Israel is bracing itself for war with Iranian proxies, as Tehran escalates its provocations. But what will the United States do if conflict comes?

Michael Oren

The Atlantic, Nov. 4, 2019

The senior ministers of the Israeli government met twice last week to discuss the possibility of open war with Iran.

Israel’s senior ministers have had two meetings in a week to discuss the possibility of war breaking out with Iran.

They were mindful of the Iranian plan for a drone attack from Syria in August, aborted at the last minute by an Israeli air strike, as well as Iran’s need to deflect attention from the mass protests against Hezbollah’s rule in Lebanon. The ministers also reviewed the recent attack by Iranian drones and cruise missiles on two Saudi oil installations, reportedly concluding that a similar assault could be mounted against Israel from Iraq.

The Israel Defense Forces, meanwhile, announced the adoption of an emergency plan, code-named Momentum, to significantly expand Israel’s missile defense capacity, its ability to gather intelligence on embedded enemy targets, and its soldiers’ preparation for urban warfare. Israeli troops, especially in the north, have been placed on war footing. Israel is girding for the worst and acting on the assumption that fighting could break out at any time.

And it’s not hard to imagine how it might arrive. The conflagration, like so many in the Middle East, could be ignited by a single spark. Israeli fighter jets have already conducted hundreds of bombing raids against Iranian targets in Lebanon, Syria, and Iraq. Preferring to deter rather than embarrass Tehran, Israel rarely comments on such actions. But perhaps Israel miscalculates, hitting a particularly sensitive target; or perhaps politicians cannot resist taking credit.

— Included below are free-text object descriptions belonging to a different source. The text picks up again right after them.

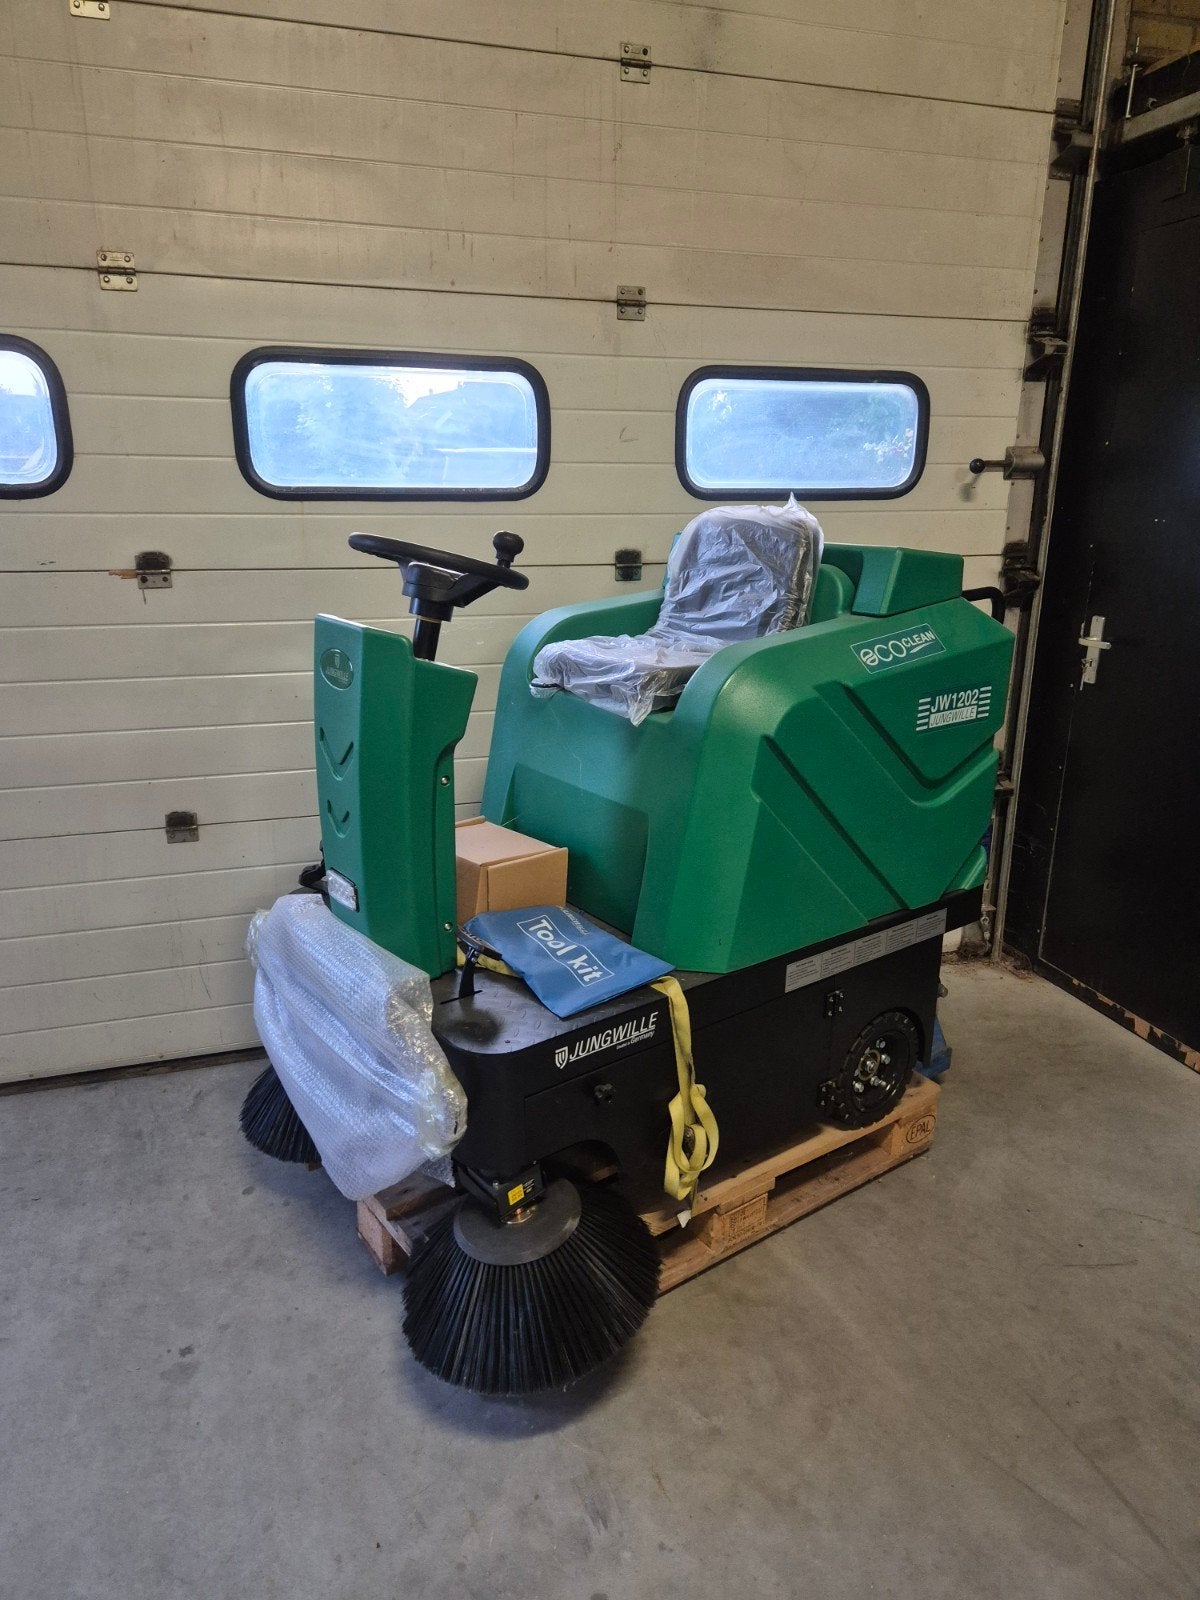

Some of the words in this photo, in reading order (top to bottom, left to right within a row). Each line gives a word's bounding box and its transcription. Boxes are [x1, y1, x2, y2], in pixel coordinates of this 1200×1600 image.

[901, 630, 936, 648] CLEAN
[930, 689, 979, 713] JW1202
[930, 707, 976, 727] JUNGWILLE
[528, 919, 578, 956] Tool
[567, 954, 604, 982] kit
[569, 1011, 659, 1060] JUNGWILLE
[910, 1120, 931, 1141] EPAL

The result could be a counterstrike by Iran, using cruise missiles that penetrate Israel’s air defenses and smash into targets like the Kiryah, Tel Aviv’s equivalent of the Pentagon. Israel would retaliate massively against Hezbollah’s headquarters in Beirut as well as dozens of its emplacements along the Lebanese border. And then, after a day of large-scale exchanges, the real war would begin.

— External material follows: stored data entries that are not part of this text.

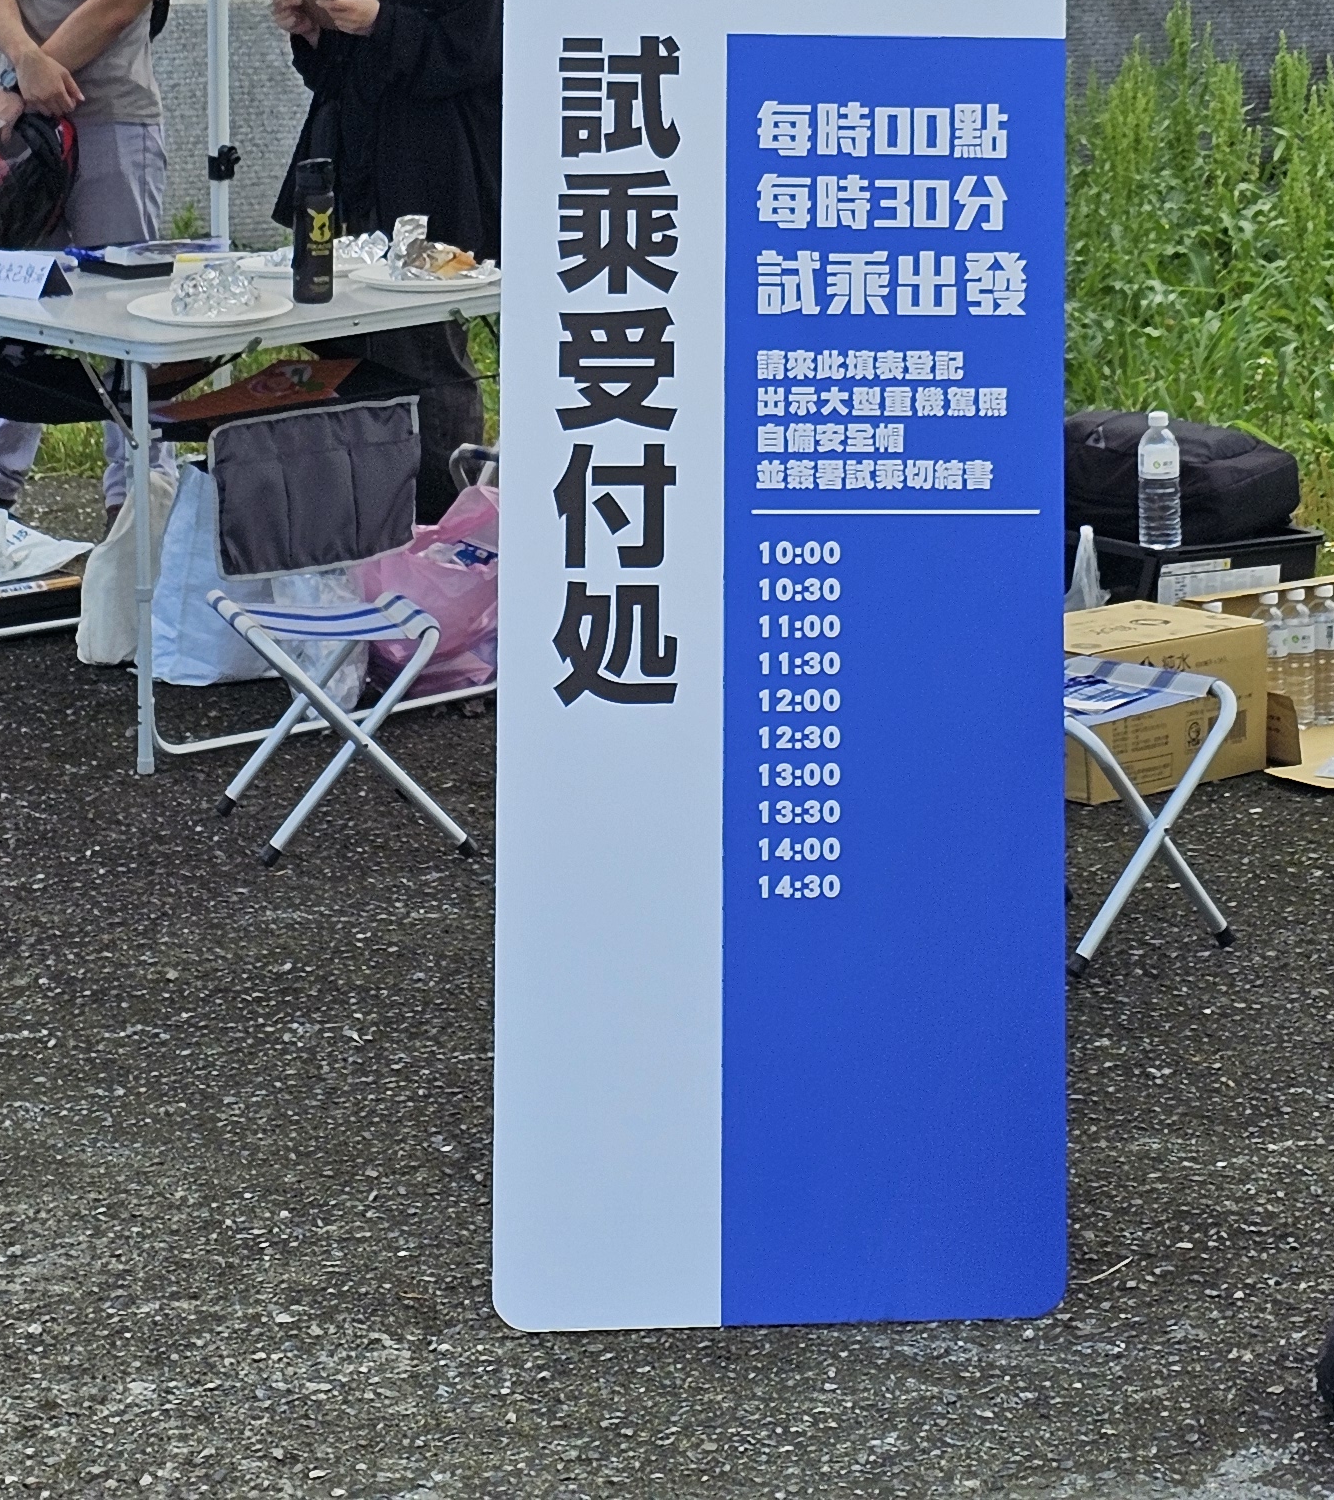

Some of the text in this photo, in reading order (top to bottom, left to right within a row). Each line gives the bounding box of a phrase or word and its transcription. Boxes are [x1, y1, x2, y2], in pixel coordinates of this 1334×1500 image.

[757, 101, 1009, 159] 每時00點
[757, 174, 1008, 231] 每時30分
[757, 250, 1028, 316] 試乘出發
[757, 350, 964, 380] 請來此填表登記
[758, 387, 1008, 416] 出示大型重機駕照
[758, 423, 905, 452] 自備安全帽
[757, 460, 994, 490] 並簽署試乘切結書
[760, 540, 841, 565] 10:00
[760, 577, 841, 602] 10:30
[760, 614, 841, 639] 11:00
[760, 651, 841, 676] 11:30
[760, 688, 841, 713] 12:00
[760, 726, 841, 751] 12:30
[760, 763, 841, 788] 13:00
[760, 800, 841, 825] 13:30
[760, 837, 841, 862] 14:00
[760, 874, 841, 899] 14:30

Rockets, many carrying tons of TNT, would rain on Israel; drones armed with payloads would crash into crucial facilities, military and civilian. During the Second Lebanon War, in 2006, the rate of such fire reached between 200 and 300 projectiles a day. Today, it might reach as high as 4,000. The majority of the weapons in Hezbollah’s arsenal are standoff missiles with fixed trajectories that can be tracked and intercepted by Israel’s Iron Dome system. But Iron Dome is 90 percent effective on average, meaning that for every 100 rockets, 10 get through, and the seven operational batteries are incapable of covering the entire country. All of Israel, from Metulla in the north to the southern port city of Eilat, would be in range of enemy fire.

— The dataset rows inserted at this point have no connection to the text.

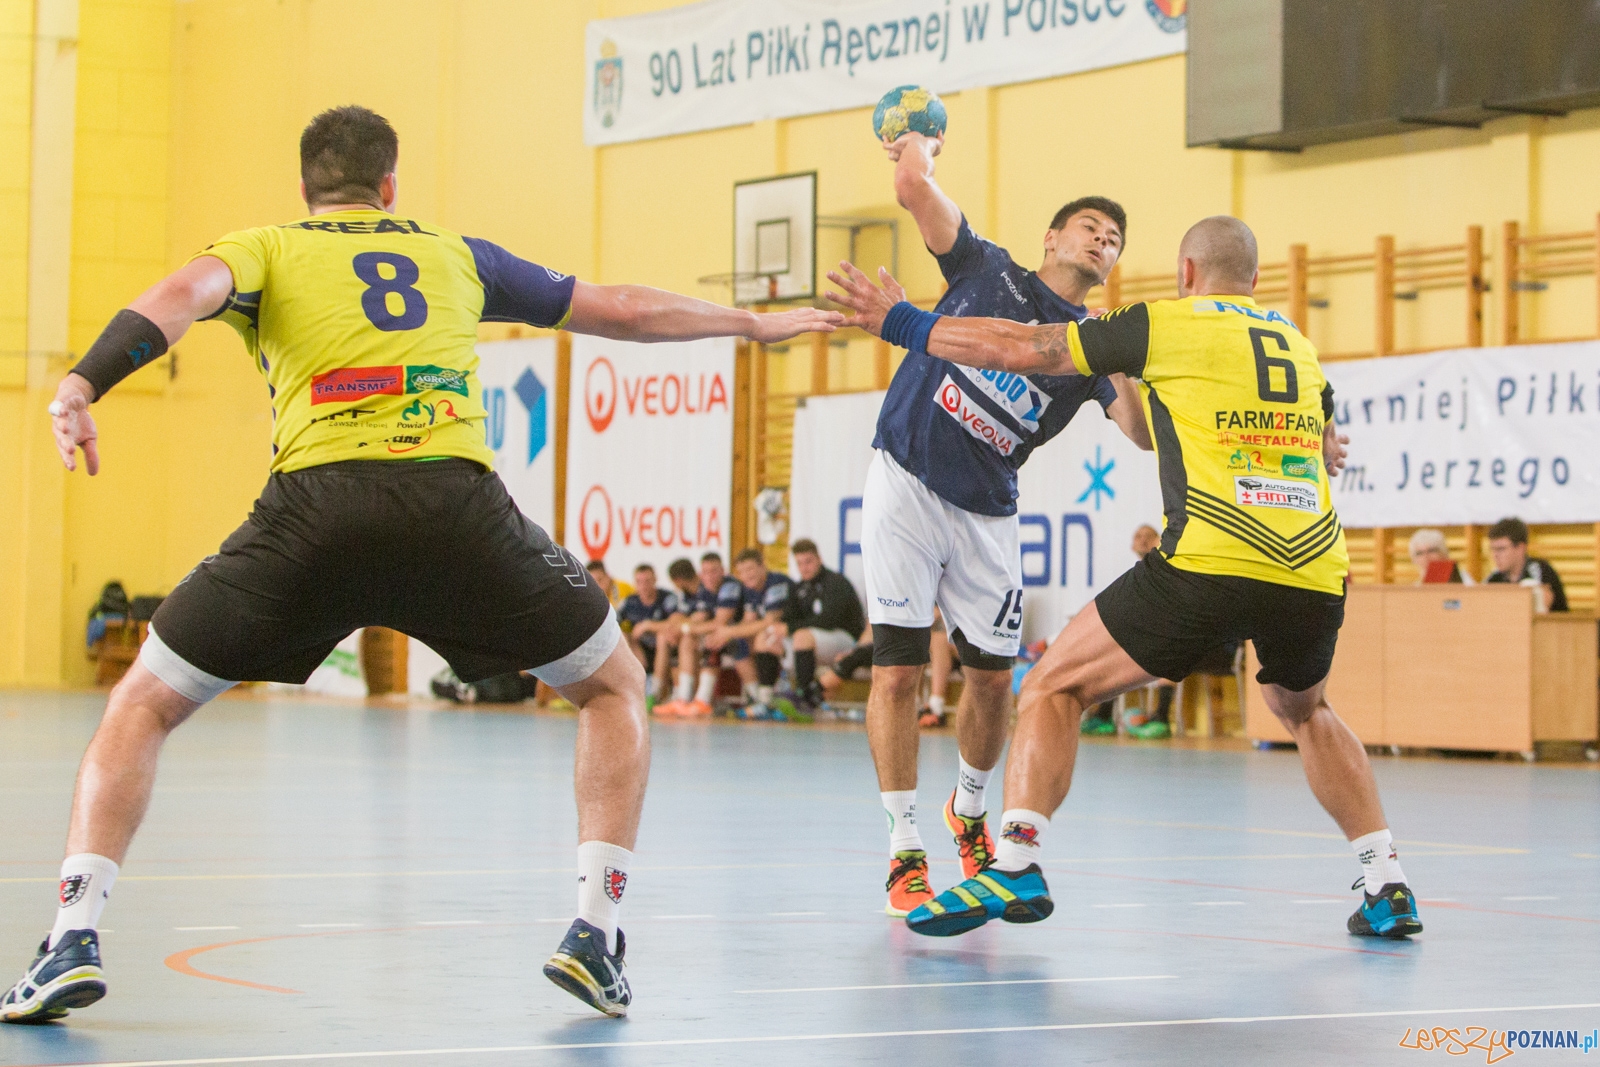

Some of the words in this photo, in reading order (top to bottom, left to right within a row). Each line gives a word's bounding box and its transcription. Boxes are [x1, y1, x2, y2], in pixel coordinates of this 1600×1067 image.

[648, 48, 683, 97] 90
[692, 38, 736, 89] Lat
[746, 23, 811, 80] Piłki
[820, 0, 951, 78] Ręcznej
[962, 2, 990, 43] w
[300, 219, 439, 237] REAL
[352, 252, 428, 332] 8
[1248, 327, 1299, 404] 6
[623, 372, 729, 416] VEOLIA
[1333, 377, 1468, 431] urniej
[396, 421, 426, 429] Powiat
[961, 405, 1012, 454] VEOLIA
[1240, 433, 1320, 451] METALPLAS
[1340, 464, 1375, 493] m.
[1397, 451, 1571, 499] Jerzego
[1256, 491, 1317, 510] AMPER
[617, 505, 723, 548] VEOLIA
[992, 588, 1023, 631] 15

But precision-guided missiles, growing numbers of which are in Iranian arsenals, pose a far deadlier threat. Directed by joysticks, many can change destinations mid-flight. The David’s Sling system, developed in conjunction with the United States, can stop them—in theory, because it has never been tested in combat. And each of its interceptors costs $1 million. Even if it is not physically razed, Israel can be bled economically.

First, though, it would be paralyzed. If rockets fall near Ben-Gurion Airport, as during Israel’s 2014 war with Hamas in Gaza, it will close to international traffic. Israel’s ports, through which a major portion of its food and essential supplies are imported, may also shut down, and its electrical grids could be severed. Iran has honed its hacking tools in recent years and Israel, though a world leader in cyberdefense, cannot entirely protect its vital utilities.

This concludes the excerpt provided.